Johannes Vermeer, Woman Holding a Balance, c. 1664, National Gallery of Art, Widener Collection
It seems, for now at least, I find the motivation to write only when provoked by others' writings. The latest is Tripti Lahiri's essay, on the India RealTime blog, entitled, "Why does India hate women?" For an Indian woman, the title itself demands a read and from an opinionated one, a response.
Ms. Lahiri writes on social evils that plague the Indian woman like child marriage, child labour and the thankless and unacknowledged toil of the Indian woman. While I get and agree with the overall drift of her disquiet, I do not agree with the conflation of criminal acts like pedophilia and modern day social problems like teen pregnancy with traditional social ones such as child marriage and pregnancy in married teen mothers. This unnecessary enjambment of issues only confuses and muddies already fervid waters, taking us farther away from finding appropriate and sustainable solutions. The primary grouse the article seems to have is with child marriage (I am assuming the high teen pregnancy ratios since reported in the context of child marriage are related to it. The author does not break the figures down) and the narrative sticks to the 'beaten-to-the-pulp' orientalist belief of chronic social abuse of women and children by Indian society. The ease with which sociologists, historians, journalists etc., spit out the same tired narratives smacks, to my mind, of intellectual laziness. Social history is best recorded by its own people. The colonial interpretation of our society has left us permanently scarred. I have rarely come across any other people that are as driven to self flagellation as the Indian. We excoriate ourselves and our past; deny our own histories and unquestioningly absorb, like sponges, the 'other's' perception of our own selves. By this, I do not mean that we disagree with every record not suitably flattering to us. I only suggest that it is high time indigenous interpretations of our texts, culture and religion are given the due intellectual scouring they deserve. From such an exercise, a more balanced picture of our past might emerge.

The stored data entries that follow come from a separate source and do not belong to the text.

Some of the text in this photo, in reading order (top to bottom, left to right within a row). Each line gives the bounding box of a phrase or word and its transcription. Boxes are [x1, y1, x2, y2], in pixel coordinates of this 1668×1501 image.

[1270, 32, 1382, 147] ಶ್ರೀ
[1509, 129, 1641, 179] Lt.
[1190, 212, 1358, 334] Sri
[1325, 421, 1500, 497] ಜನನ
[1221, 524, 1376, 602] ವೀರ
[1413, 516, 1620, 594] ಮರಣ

Clearly, I disagree with the author's take on social tradition and might go so far as to argue that in many of the cloistered communities in which child marriage is still practised; it is a continued tradition of a well meaning parental/societal elder intervention to stabilize the child's future. It comes from a good place even if out of step with modern times and thoughts of liberated freedoms for women. Many of these social 'evils' (as they are called; I would use a more morally neutral term like practices) such as child marriage and dowry were simply aimed at protecting the finances of the girl, giving the new family a resource to dip into when times got hard and attempted to ensure a stable future for children in an unpredictable age. These fundamentally sensible practices (for their time) got distorted and were abused as political, and economic change spun society into a more rapidly dynamic churn than customs or thought could keep step with.

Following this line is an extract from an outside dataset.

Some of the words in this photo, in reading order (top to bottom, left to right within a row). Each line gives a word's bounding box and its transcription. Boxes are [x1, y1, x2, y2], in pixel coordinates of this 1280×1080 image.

The struggles of today's Indian woman, whether that of the urban working woman who has had the liberty of choice or the voiceless subaltern still subject to ancient stifling traditions, is largely due to the inability of men to evolve suitably with the times. The modernization of society brought on by social reform although necessary, unwittingly ensured the loss of traditional safety nets for women. This combined with industrialization and the consumerism that followed, further eroded traditional dignities of mutual gender respect. Add urbanization and the advent of the nuclear family to the cocktail and you have the perfect petri dish for modern day abuse like prostitution and sexual abuse which regulation and the law stepping into the vacuum, however much they try, cannot fully solve. From this culture of motley parts, arose a virulent bacterium, 'the predator male'. Every 20th century gender crime whether that be female feticide, child marriage, sexual abuse or dowry deaths, can be traced to this one root cause. Of course, it is not hate that drives this treatment of women; but Ms Lahiri knows that already and as an occassional writer and avid reader, I concede that 'hate women' has a potent eyeball catching effect.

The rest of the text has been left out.